On the federal level, kratom is not regulated.

The Food and Drug Administration warns against consuming kratom in any form until further research is done.

In August 2016, the federal Drug Enforcement Administration tried to temporarily ban kratom by using its emergency scheduling powers to define the plant as a Schedule I drug.

Thousands signed petitions to stop the scheduling and the DEA walked back its action.

Six states and Washington, D.C., have banned the plant.

Assemblymen Jim Wheeler, R-Minden, and Steve Yeager, D-Las Vegas, this year co-sponsored Assembly Bill 303 — passed by both chambers and approved by the governor— that requires vendors to make sure kratom is not mixed with another substance to the point of being “injurious to a consumer.” The bill also bans sales to consumers under the age of 18.

Wheeler said the bill was a consumer protection effort to ensure buyers get what they’re paying for.

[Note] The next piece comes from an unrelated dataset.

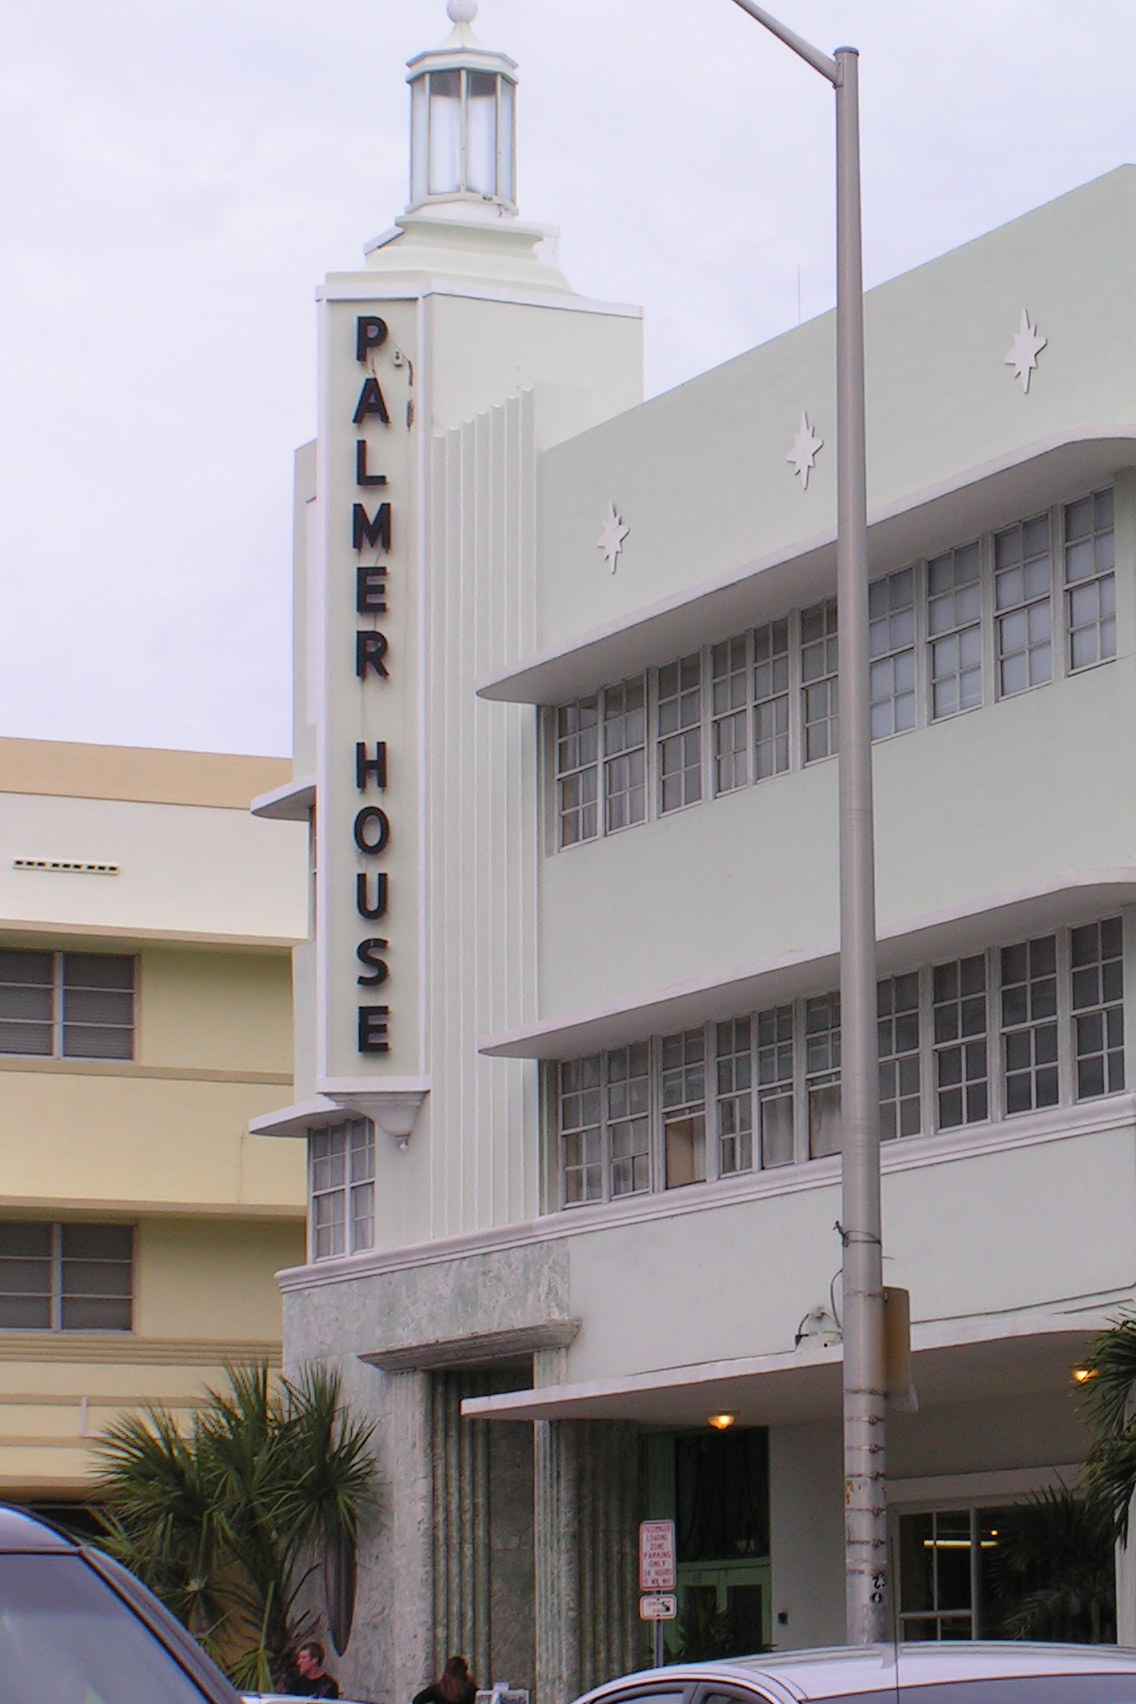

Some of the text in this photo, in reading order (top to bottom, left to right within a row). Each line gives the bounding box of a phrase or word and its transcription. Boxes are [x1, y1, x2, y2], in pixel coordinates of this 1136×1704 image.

[352, 315, 391, 1054] PALMER HOUSE
[644, 1551, 672, 1559] PARKING
[649, 1560, 666, 1568] ONLY
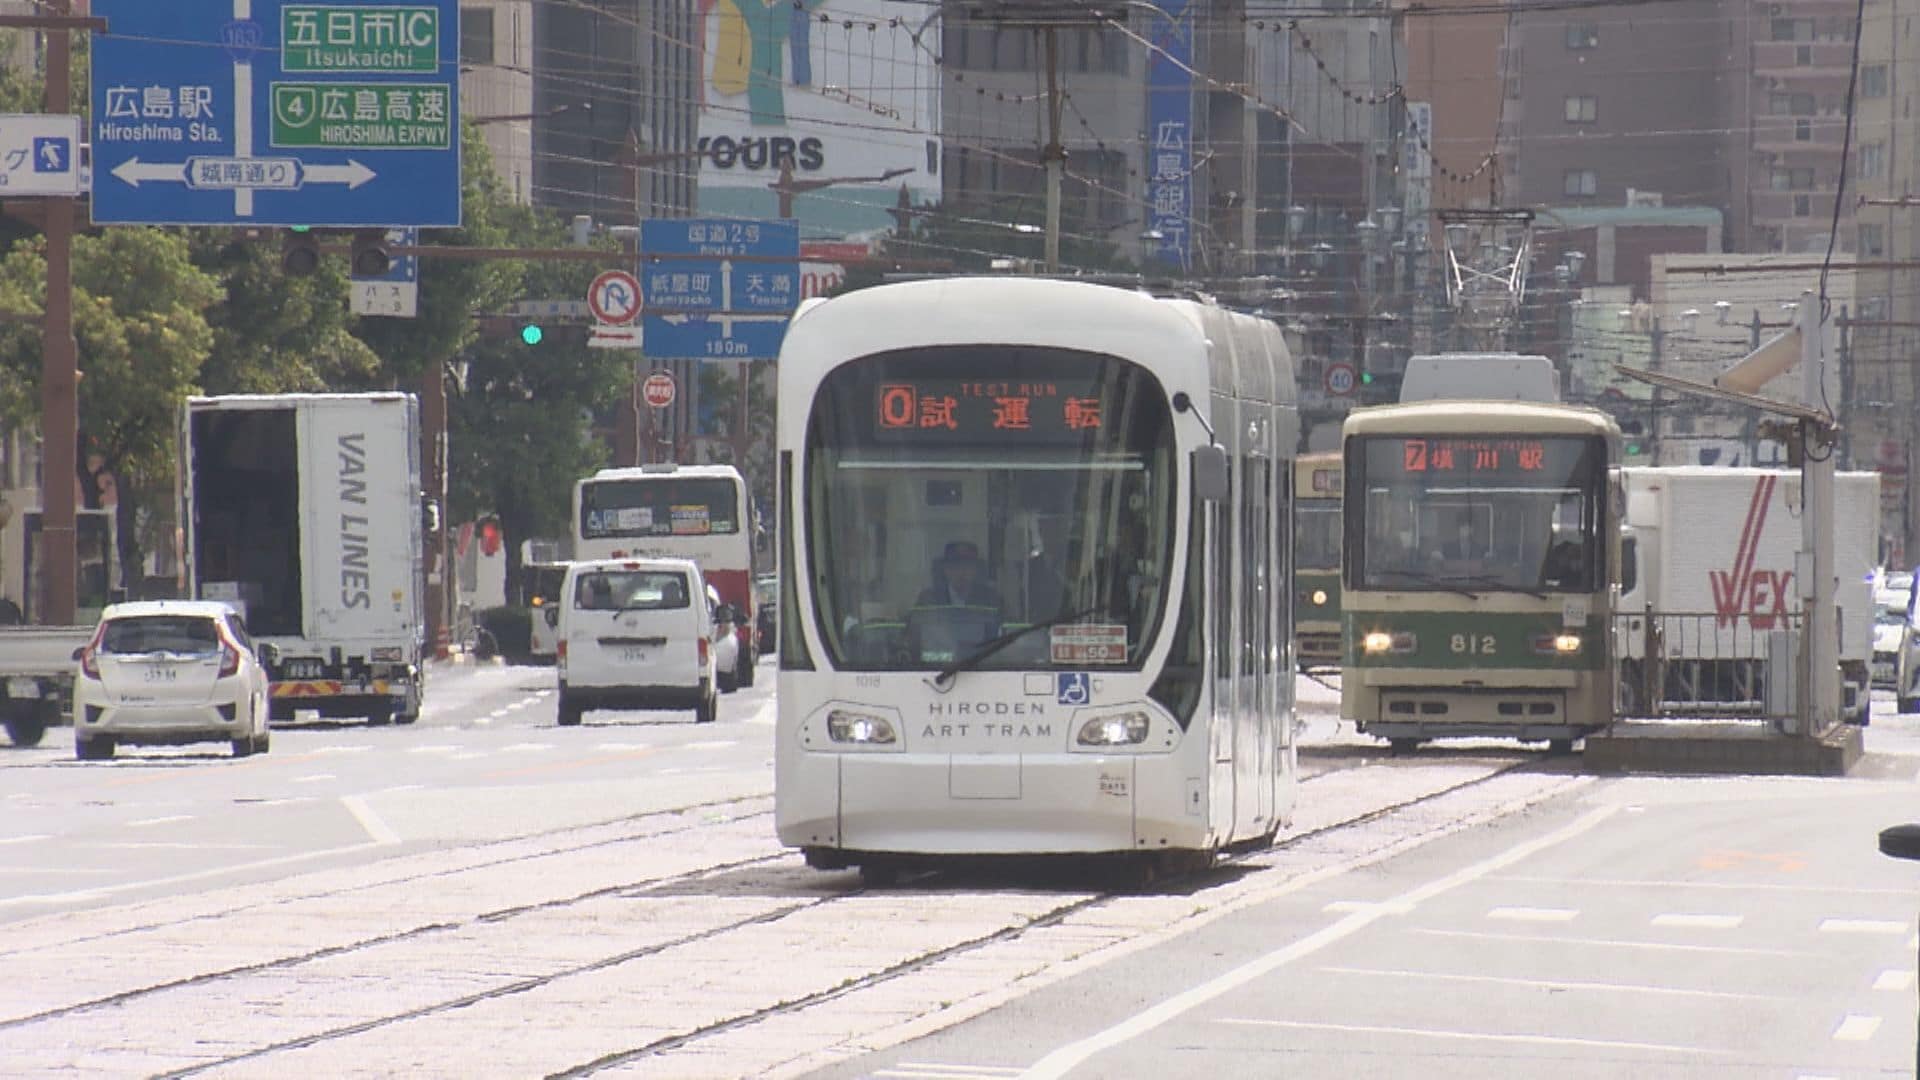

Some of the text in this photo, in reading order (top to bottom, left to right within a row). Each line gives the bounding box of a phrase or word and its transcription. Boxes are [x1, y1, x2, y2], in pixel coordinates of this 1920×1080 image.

“What we do in this building (the Nevada Legislative Building) is watch out for Nevada,” he said.

Is it dangerous?

The National Institute on Drug Abuse reports multiple deaths of people who had ingested kratom, but most involved other substances as well. The FDA came under fire in early 2018 for linking a series of deaths to kratom in which its role was uncertain.

Gasca said taking large quantities of kratom was not advised but not dangerous. “If you take it in large quantities, you’re going to get a stomachache. That’s probably going to be the biggest physical response that you experience,” she said.

Kratom mixed with other products can be dangerous because consumers don’t know what they’re consuming. It’s an issue Dunn is passionate about, and he says that buyers should have the right to know what they’re getting.

“The industry needs some guidelines. We need some regulations,” he said. “We need some enforcement too.”

Dunn said minors shouldn’t consume kratom, which he compared to other readily-available products like energy drinks.

“I feel the same way about 5-Hour Energy, Monster Energy,” he said. “I cringe at the idea that we have kids and teenagers buying those.”